Proteomic analysis of isolated nerve terminals from Na V 1.9 knockout mice reveals pathways relevant for pain perception.

Neuropathic pain substantially affects the mental and physical well-being of patients and magnifies the socio-economic burden on the healthcare system. It is important to understand the molecular mechanisms underlying chronic pain to effectively target it. To investigate peripheral mechanisms relevant to pain signalling, we isolated nerve terminals from mouse footpads of wild type and Na V 1.9-deficient mice, which exhibit impaired pain sensation and chronification. The isolated peripheral terminals are functionally active and capable of endocytosis.
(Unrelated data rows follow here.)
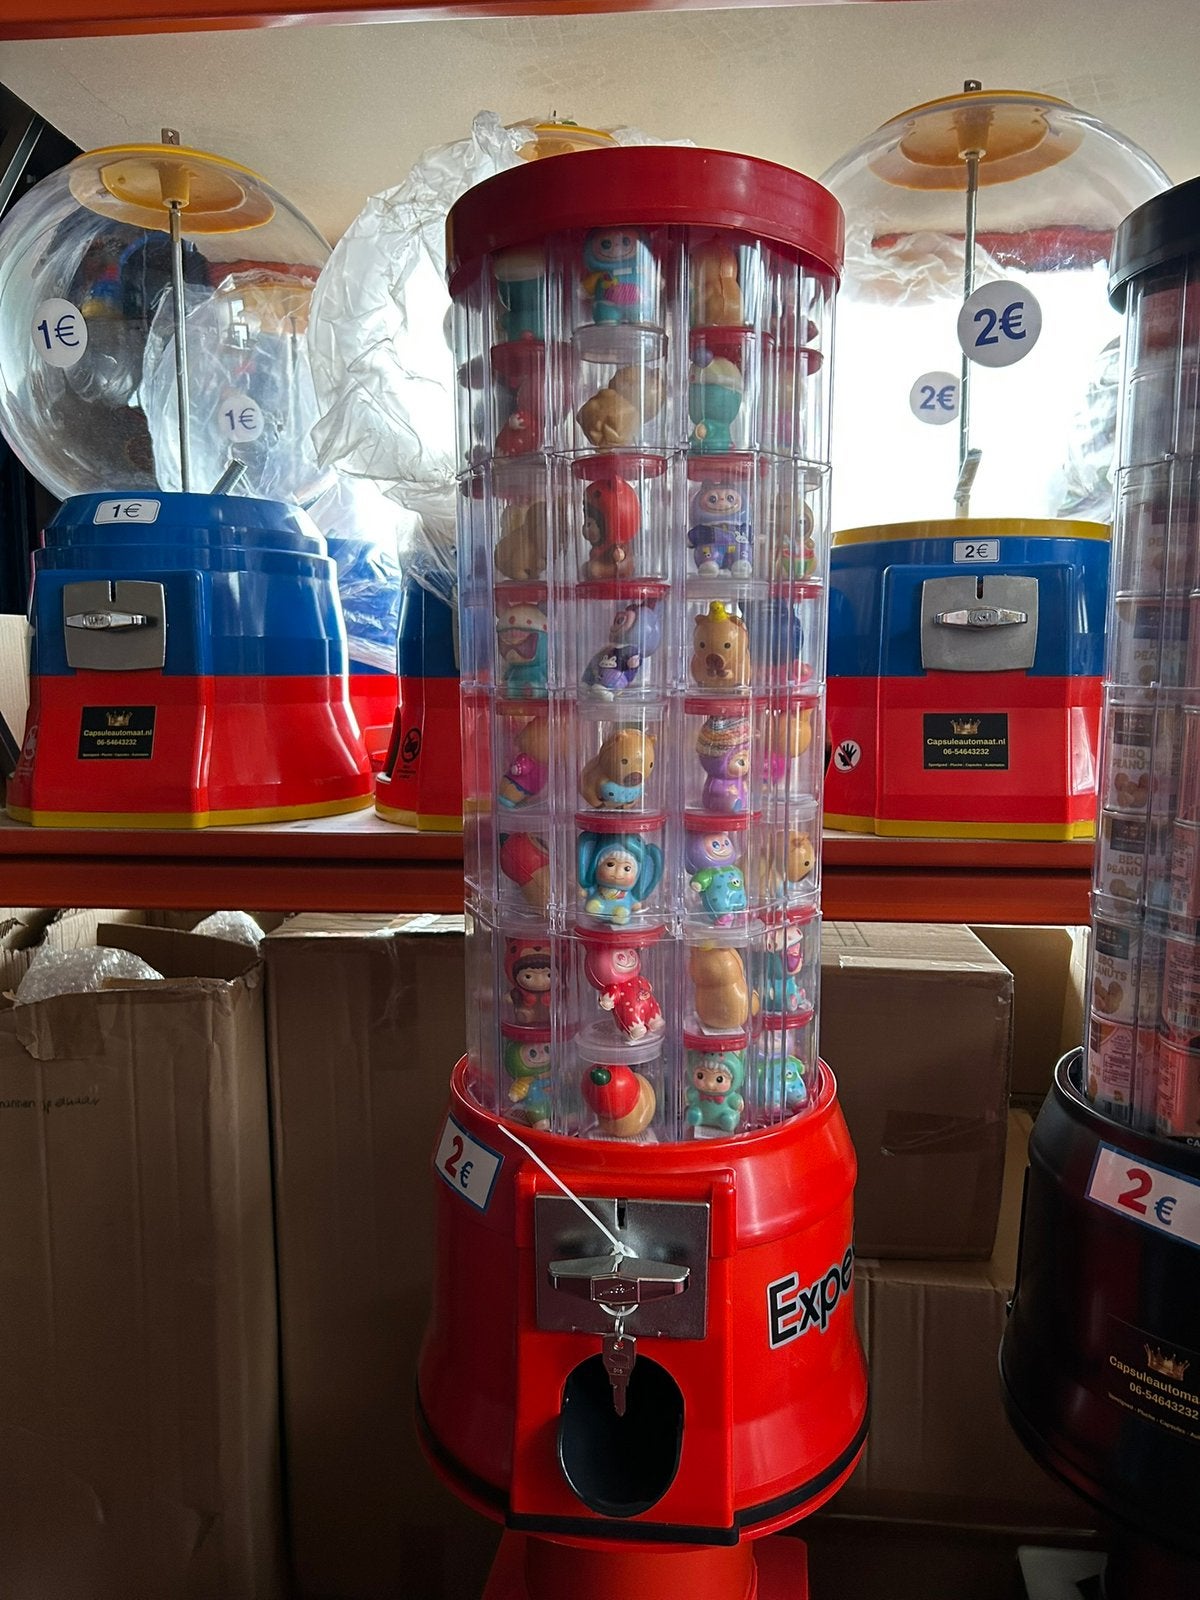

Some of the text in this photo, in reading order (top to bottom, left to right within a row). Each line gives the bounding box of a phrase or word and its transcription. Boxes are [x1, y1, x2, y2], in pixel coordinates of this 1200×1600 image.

[37, 314, 80, 350] 1€
[973, 301, 1027, 347] 2€
[919, 385, 956, 411] 2€
[224, 407, 257, 431] 1€
[112, 502, 142, 519] 1€
[964, 543, 990, 558] 2€
[83, 729, 152, 737] Capsuleautomaat.nl
[927, 738, 1006, 746] Capsuleautomaat.nl
[768, 1244, 856, 1347] Expe
[1109, 1355, 1200, 1405] Capsuleautoma
[1129, 1382, 1200, 1421] 06-54643232
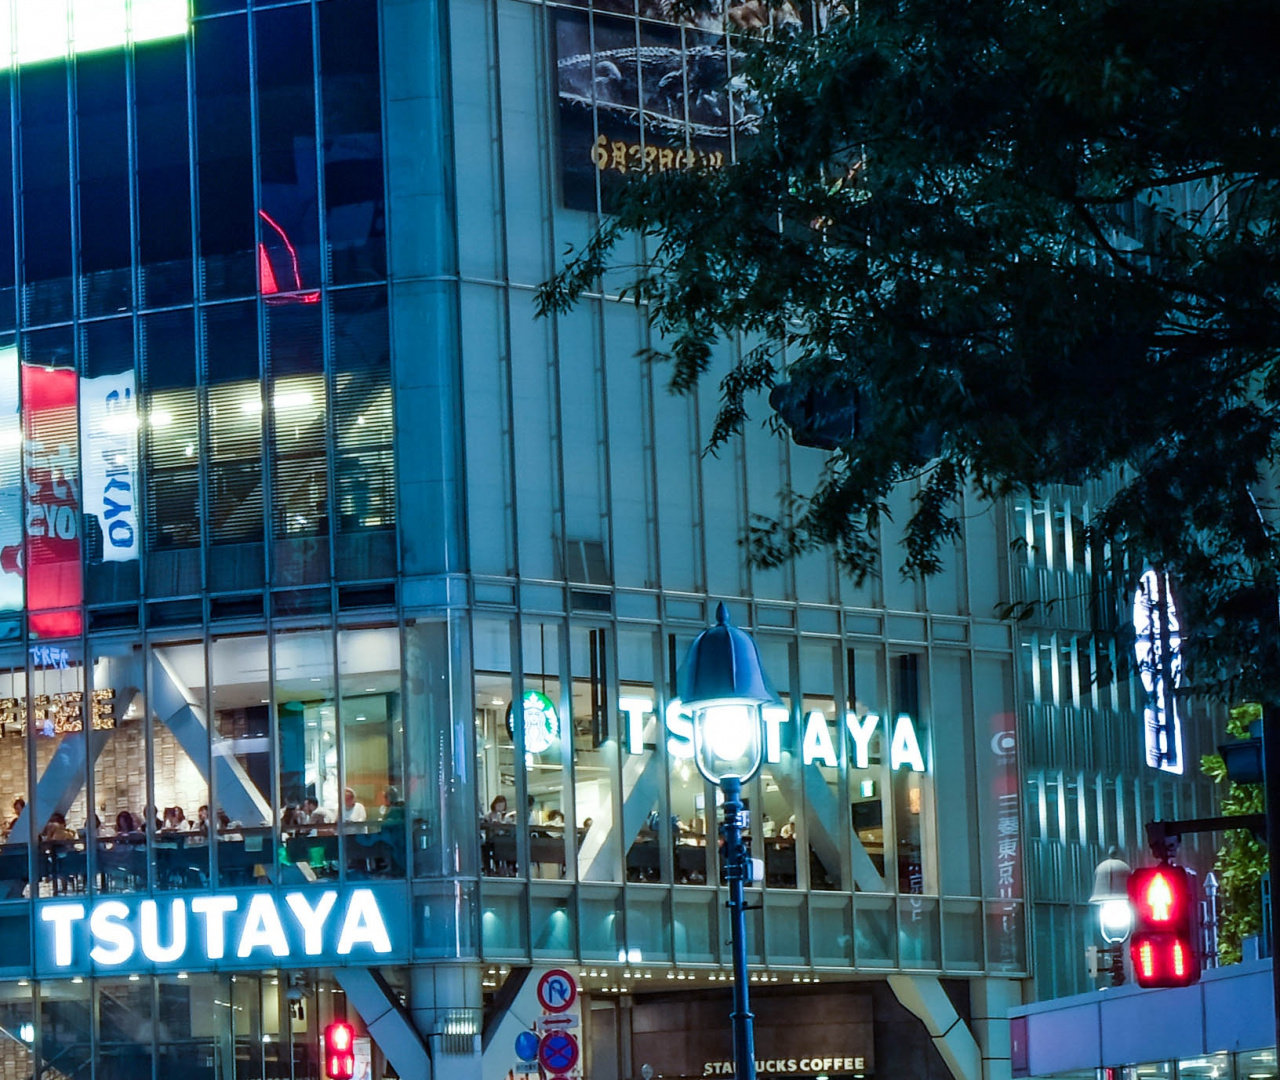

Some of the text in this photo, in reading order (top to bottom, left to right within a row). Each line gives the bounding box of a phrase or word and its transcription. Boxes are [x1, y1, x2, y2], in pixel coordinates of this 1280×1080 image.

[619, 697, 928, 773] TSTAYA
[42, 888, 393, 968] TSUTAYA
[704, 1057, 865, 1075] STAUCKS COFFEE
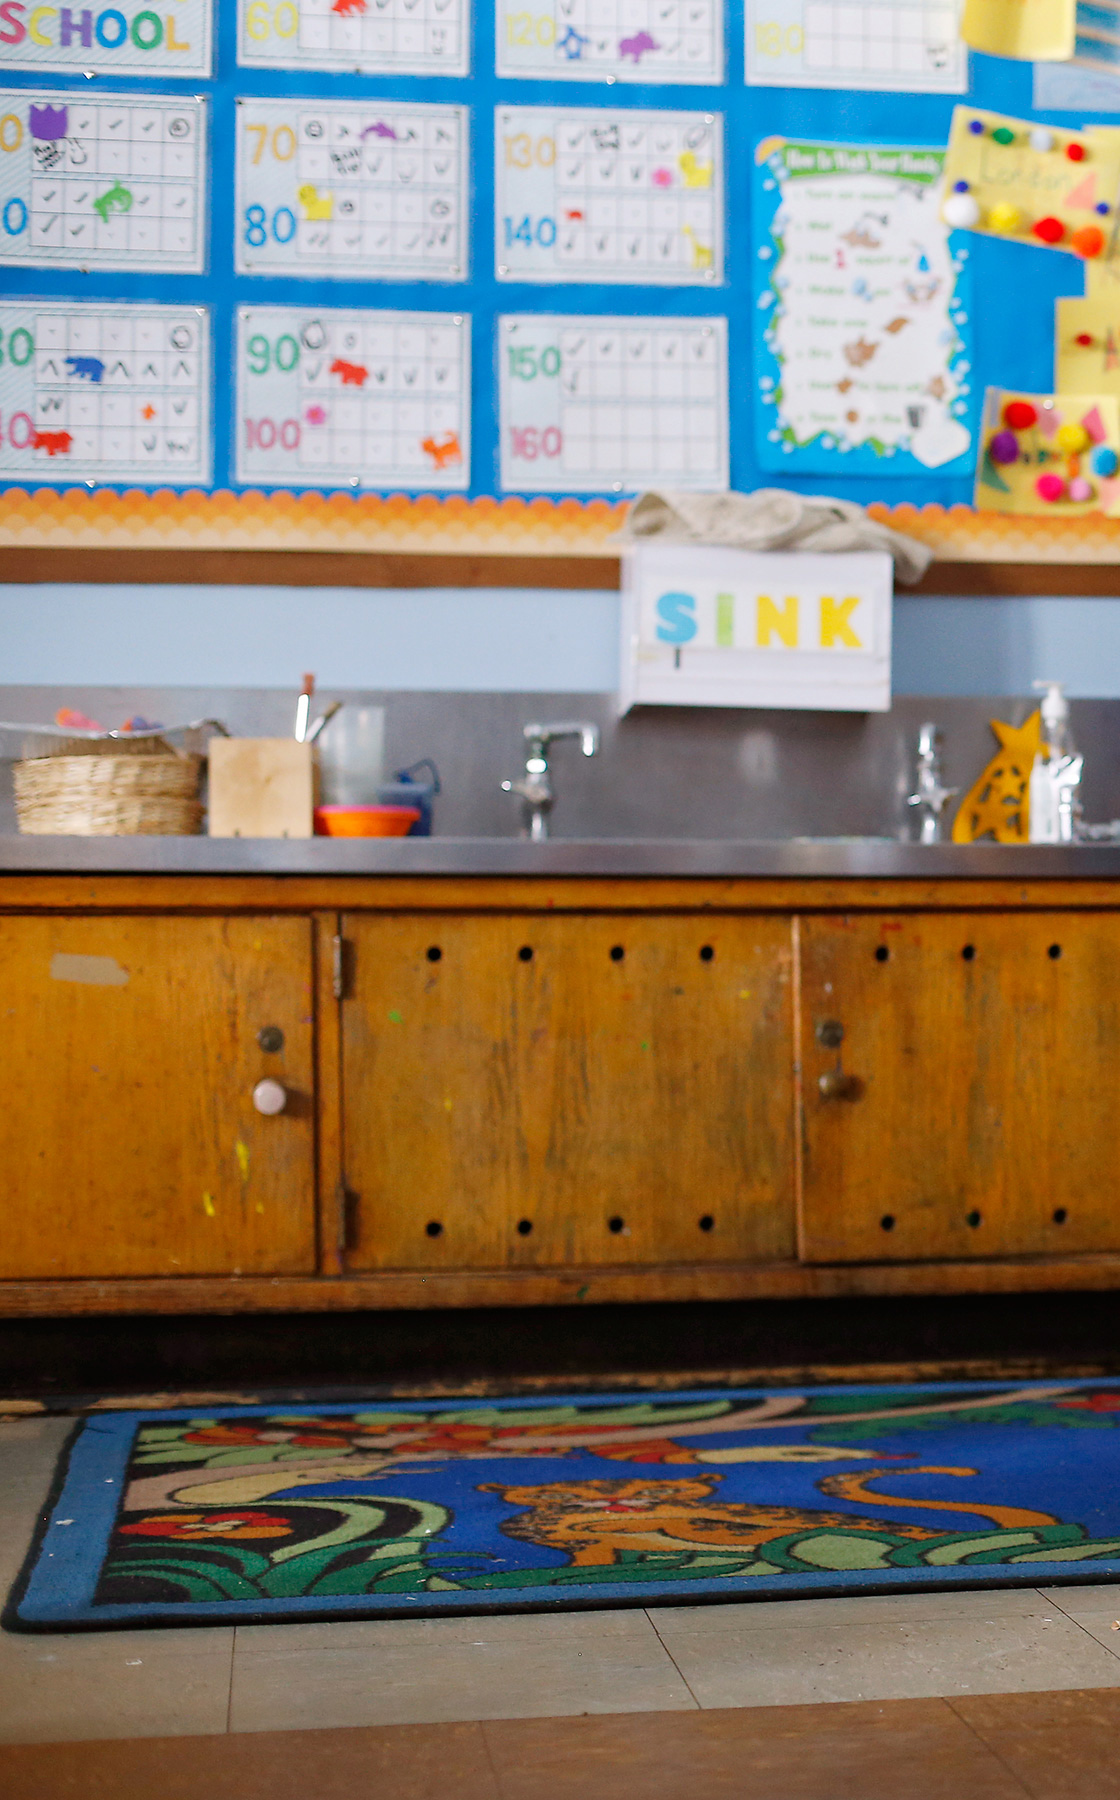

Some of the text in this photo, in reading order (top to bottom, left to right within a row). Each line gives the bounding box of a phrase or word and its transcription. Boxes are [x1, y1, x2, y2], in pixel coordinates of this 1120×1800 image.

[0, 1, 190, 51] SCHOOL
[246, 1, 298, 41] 60
[506, 13, 556, 47] 120
[754, 22, 805, 57] 180
[245, 124, 298, 165] 70
[503, 133, 557, 169] 130
[244, 204, 298, 247] 80
[502, 214, 557, 249] 140
[246, 334, 300, 375] 90
[506, 345, 561, 381] 150
[245, 418, 301, 451] 100
[508, 426, 562, 461] 160
[656, 592, 862, 647] SINK
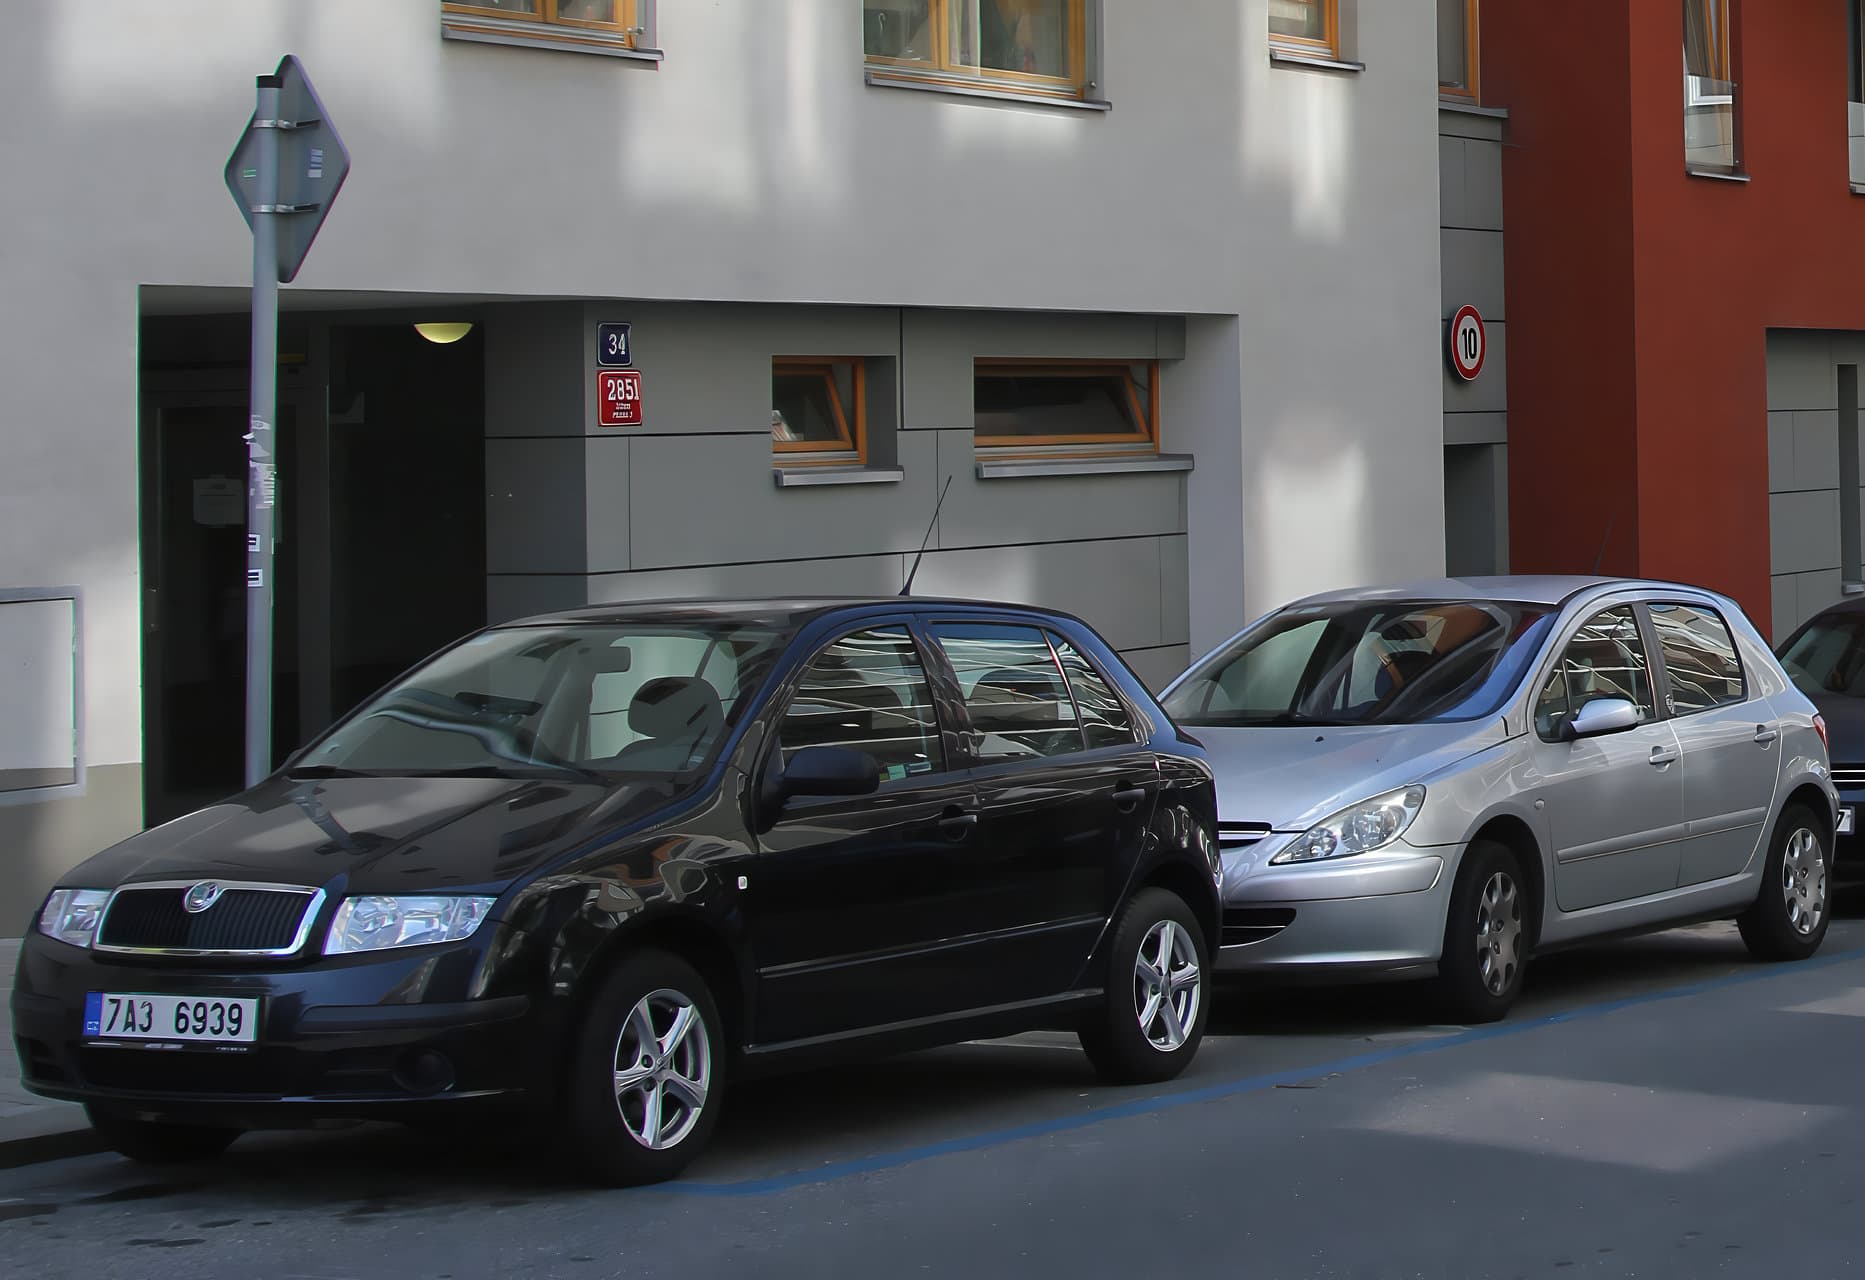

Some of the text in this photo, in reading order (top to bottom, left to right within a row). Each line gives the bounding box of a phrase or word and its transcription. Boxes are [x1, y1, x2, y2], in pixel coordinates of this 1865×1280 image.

They contain both pre- and postsynaptic proteins in samples from mice and humans. Components of the protein translational machinery and mitochondria are enriched in nerve terminals, and these components are altered in Na V 1.9 deficient terminals. An unbiased proteomic analysis of nerve terminals from footpads of Na V 1.9 knockout mice shows dysregulation of the mitogen-activated protein kinase and extracellular regulated kinase 1/2 pathways. Preliminary proteomic analysis reveals a strong similarity between mouse and human skin samples, highlighting the broad and translational value of our approach. Our findings uncover peripheral signalling mechanisms involved in nociception, paving the way for unprecedented translational approaches using human biomaterials in pain research.